Its most likely fish nipping at them, or perhaps snails if you have them. It could also be a potassium deficiency as you mentioned, in which case I would try another round of fertilizers. Swords cannot repair their leaves, so if you have new growth, trim off the older damaged ones.


----------



## ddavila06 (Jan 31, 2009)

wow, nine months no WC!! i would add a few root tabs too. i did that to my sword and two flower thingys are out  +1 on the trimming, cut them all out but maybe one or two, they are fast growers.


----------



## bandd (Sep 13, 2009)

Lizzz said:


> Its most likely fish nipping at them, or perhaps snails if you have them. It could also be a potassium deficiency as you mentioned, in which case I would try another round of fertilizers. Swords cannot repair their leaves, so if you have new growth, trim off the older damaged ones.


I do have some pond snails that hitched a ride on some of the plants I purchased originally and I have seen my lemon tetras nipping here and there. However, my main concern is that the newly emerging leaves are the ones that develop the pin sized holes (seemingly before the snails or tetras can get to them) as can be seen in the second picture of the OP. It seems as though once the hole is there the snails exacerbate the problem, but I don't think the snails are the original cause of the holes.

I also have some micro swords that seems to boom, then melt, then boom again with very little intervention on my part. The sagittaria is doing fantastic. I can't seems to find a floating plant that will last (perhaps too much current near the surface). But NO3 levels are always fine, hardness seems good, pH seems stable, alkalinity stable, amonia and NO2 is non-existent (as per Diana's book).

Is there any harm in dosing Potassium? What is the best form of Potassium to dose?

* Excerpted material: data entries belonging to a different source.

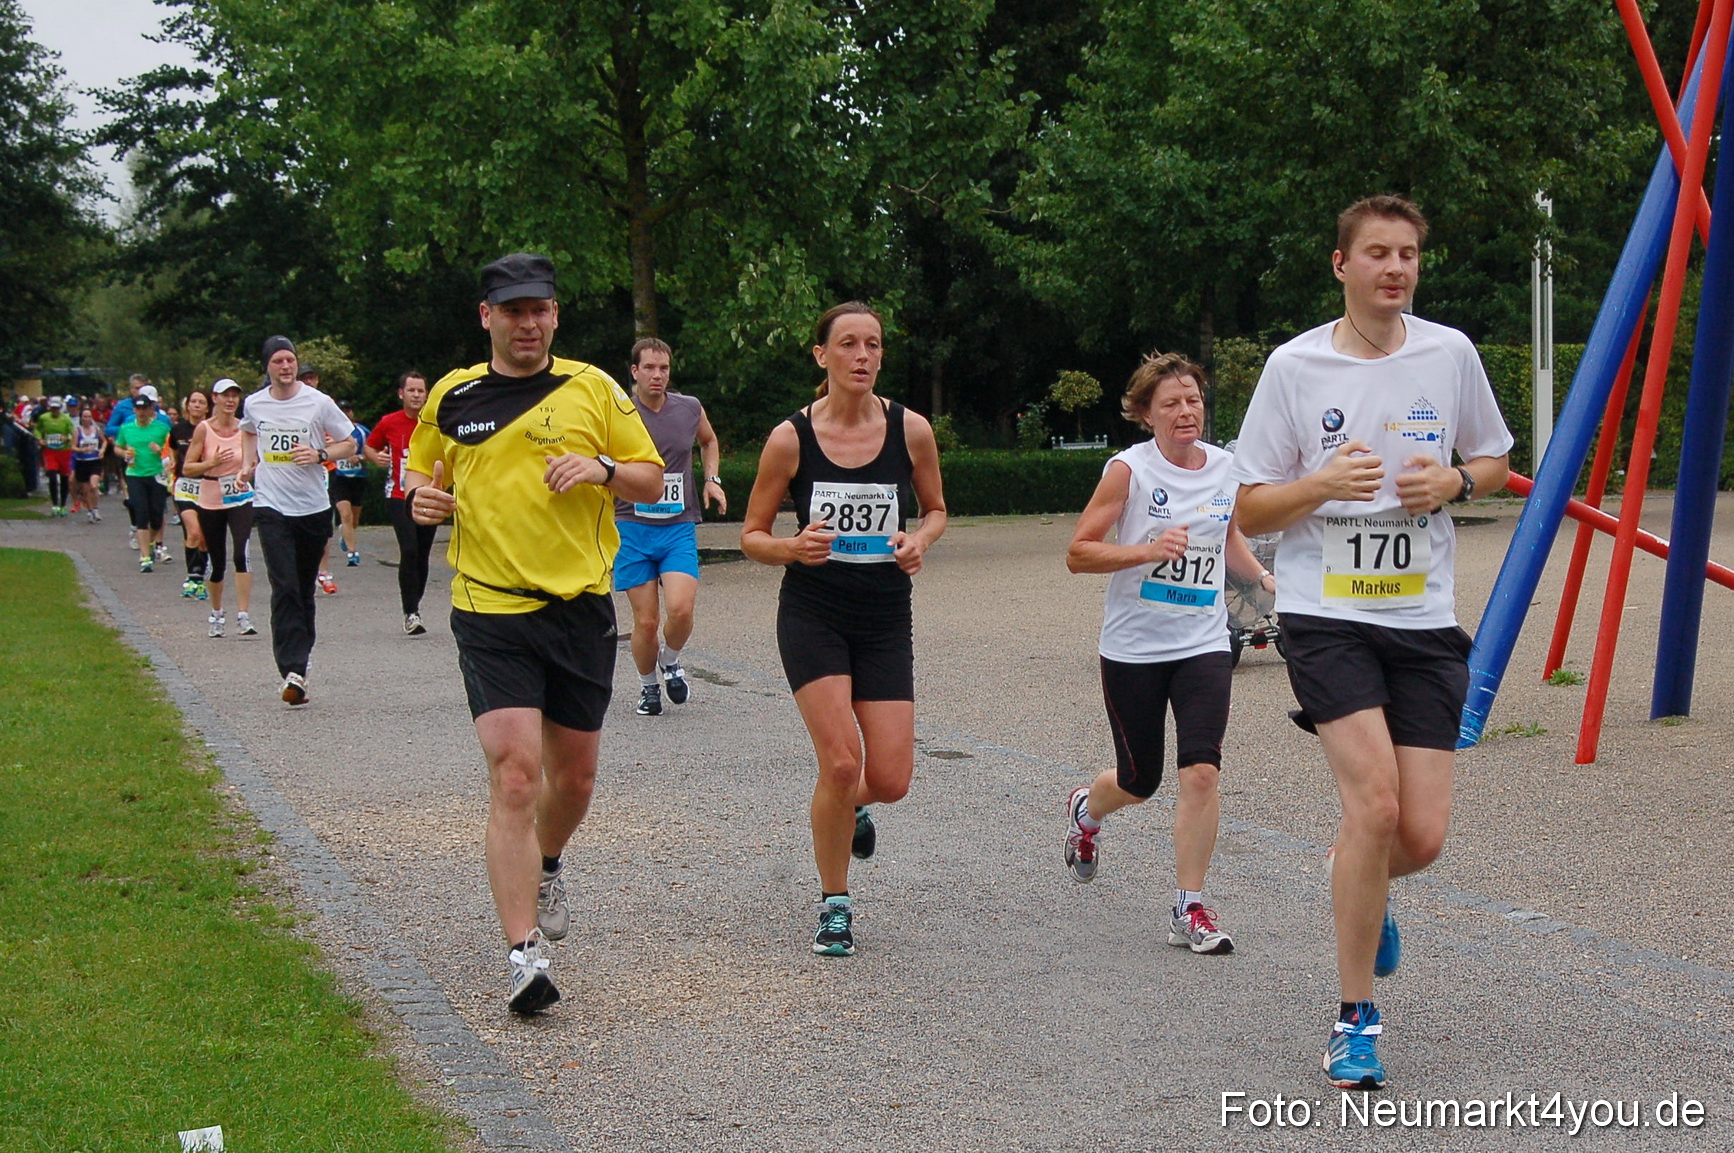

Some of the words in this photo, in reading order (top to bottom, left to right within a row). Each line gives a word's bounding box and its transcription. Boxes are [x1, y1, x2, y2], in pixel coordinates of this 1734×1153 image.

[458, 420, 496, 437] Robert
[270, 434, 300, 451] 268
[524, 430, 566, 445] Burgthann
[1321, 433, 1349, 445] PARTL
[181, 482, 200, 494] 381
[664, 484, 680, 501] 18
[814, 490, 843, 499] PARTL
[844, 492, 885, 500] Neumarkt
[819, 502, 891, 532] 2837
[1148, 505, 1171, 515] PARTL
[1326, 517, 1361, 527] PARTL
[1364, 518, 1414, 528] Neumarkt
[838, 539, 868, 552] Petra
[1187, 545, 1214, 553] umarkt
[1346, 532, 1411, 570] 170
[1151, 555, 1216, 585] 2912
[1351, 579, 1401, 595] Markus
[1166, 588, 1198, 604] Maria
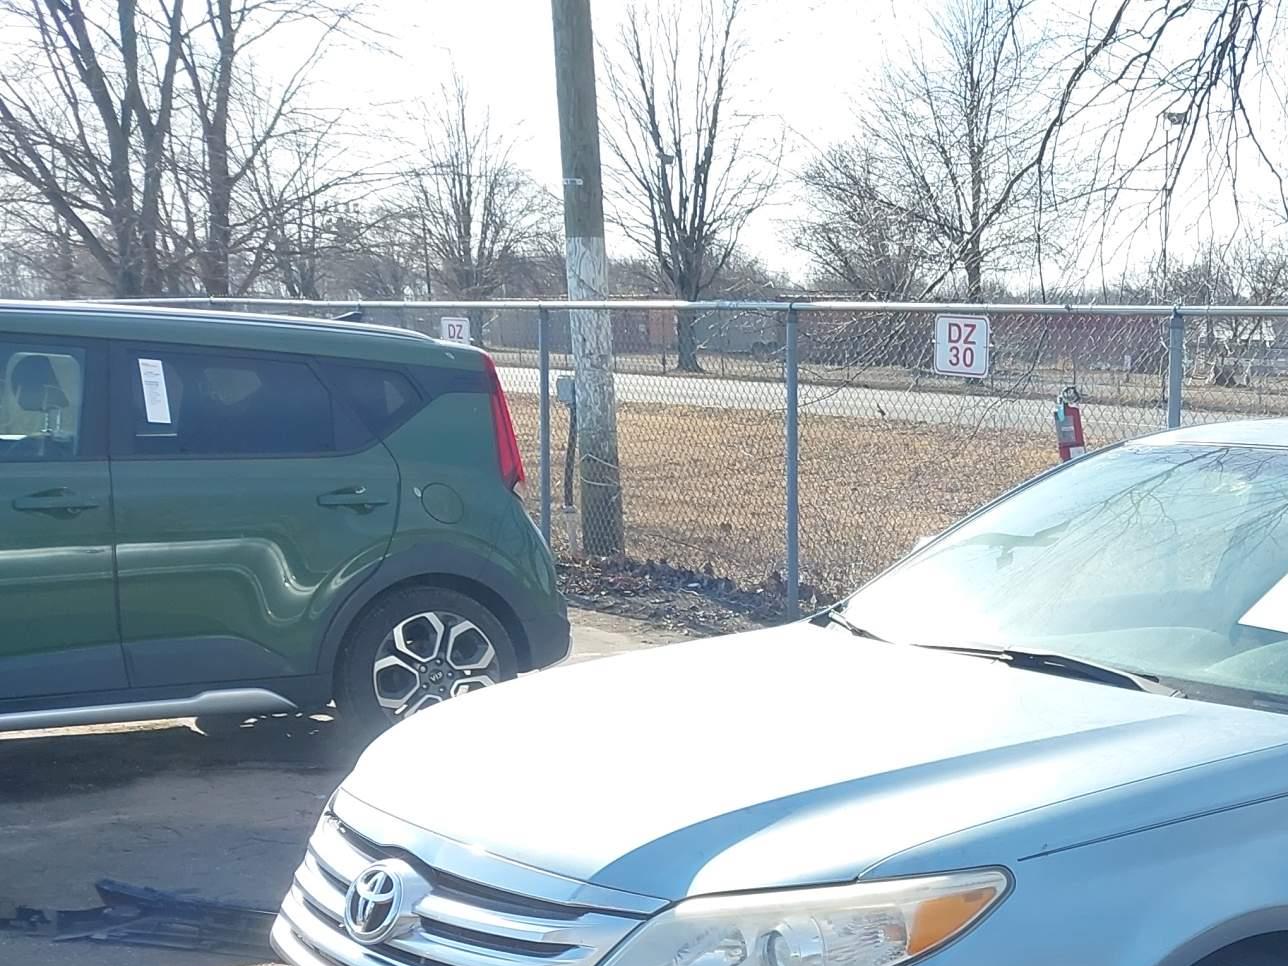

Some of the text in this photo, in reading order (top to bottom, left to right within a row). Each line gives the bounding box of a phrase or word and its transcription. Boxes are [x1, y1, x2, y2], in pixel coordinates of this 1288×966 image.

[448, 323, 463, 340] DZ
[948, 323, 976, 345] DZ
[949, 346, 974, 368] 30
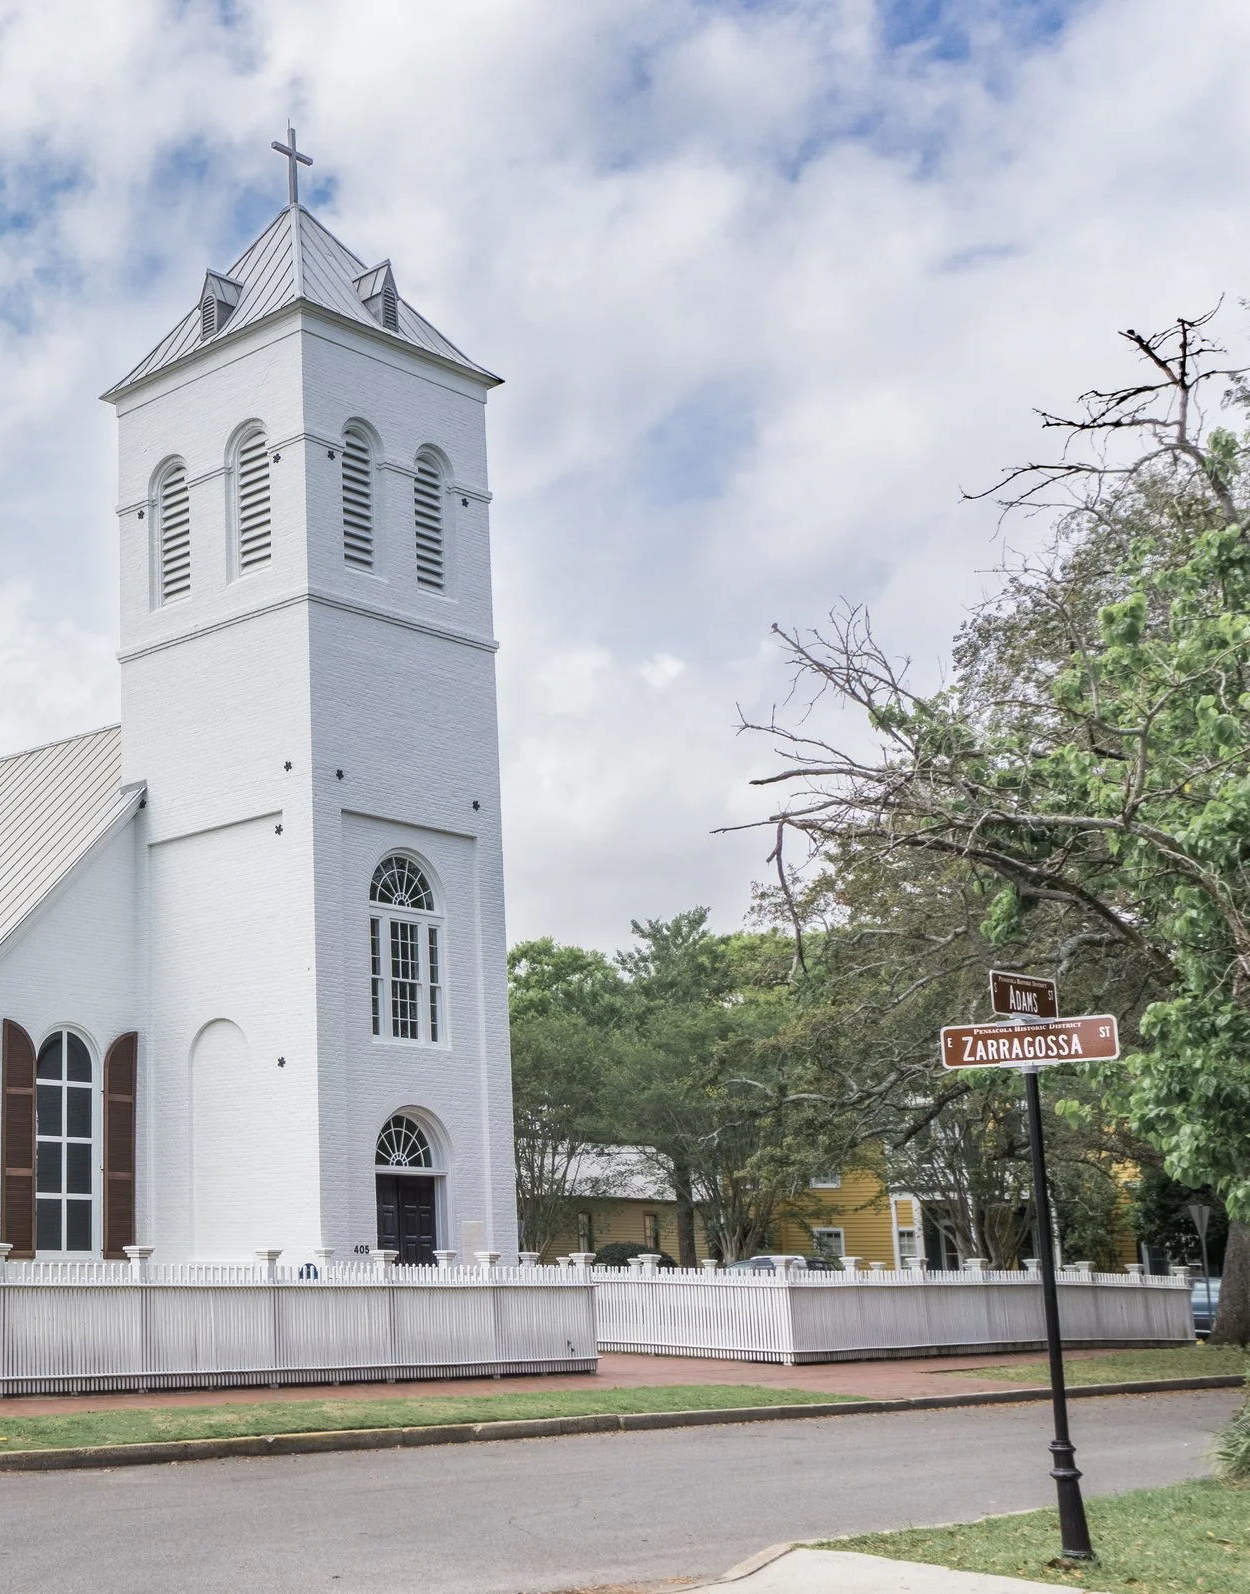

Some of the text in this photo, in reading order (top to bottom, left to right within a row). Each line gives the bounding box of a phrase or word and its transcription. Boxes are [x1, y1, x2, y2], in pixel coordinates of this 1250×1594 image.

[1009, 985, 1038, 1013] ADAMS
[973, 1027, 1012, 1035] PENSACOLA
[1049, 1022, 1082, 1030] DISTRICT
[1099, 1026, 1110, 1038] ST
[947, 1038, 953, 1048] E
[961, 1033, 1083, 1062] ZARRAGOSSA
[353, 1245, 370, 1255] 405

Thanks for the input thus far it is greatly appreciated!


----------



## OVT (Aug 26, 2010)

I am 99% sure someone is eating your leaves. I'd put some blanched greens (romaine lettuce, squash, etc) (15-20 secs in microwave) and see who comes for dinner. I use Leaf Zone, it's mostly potassium and some iron. If you have not yet, try Water Wisteria.


----------



## Lizzz (Nov 28, 2010)

New growth is probably still getting eaten by snails. are they reproducing? I know snails LOVE my swords, and seem to prefer to pop out their gooey egg sacs all over them, so the second they hatch they go right for them, thus making the tiny pin pricks. It honestly could only be that or a potassium deficiency as far as i can tell, as for brands, i think everyones different. Im a seachem kind of person, but different strokes for different folks...


----------



## Newt (Apr 1, 2004)

Snail damage. Potassium deficiency is only in the older leaves and looks different.


----------



## bandd (Sep 13, 2009)

Thanks for everyone's two cents! Snails it be. I guess I just have to live with holey leaves then. 

The snails seems to go crazy (in terms of reproduction) after a water change, but then they just kinda stop. I'll cull to population to what seems an appropriate number and they don't really seems to rebound too much. There are egg sacs here and there every now and then, but not an insane amount right now.

Thanks again for the input. It is greatly appreciated!


----------



## mthom211 (Sep 3, 2010)

If they are just pond snails dose the tank with no planeria it should kill them. Don't use it with shrimp though.


----------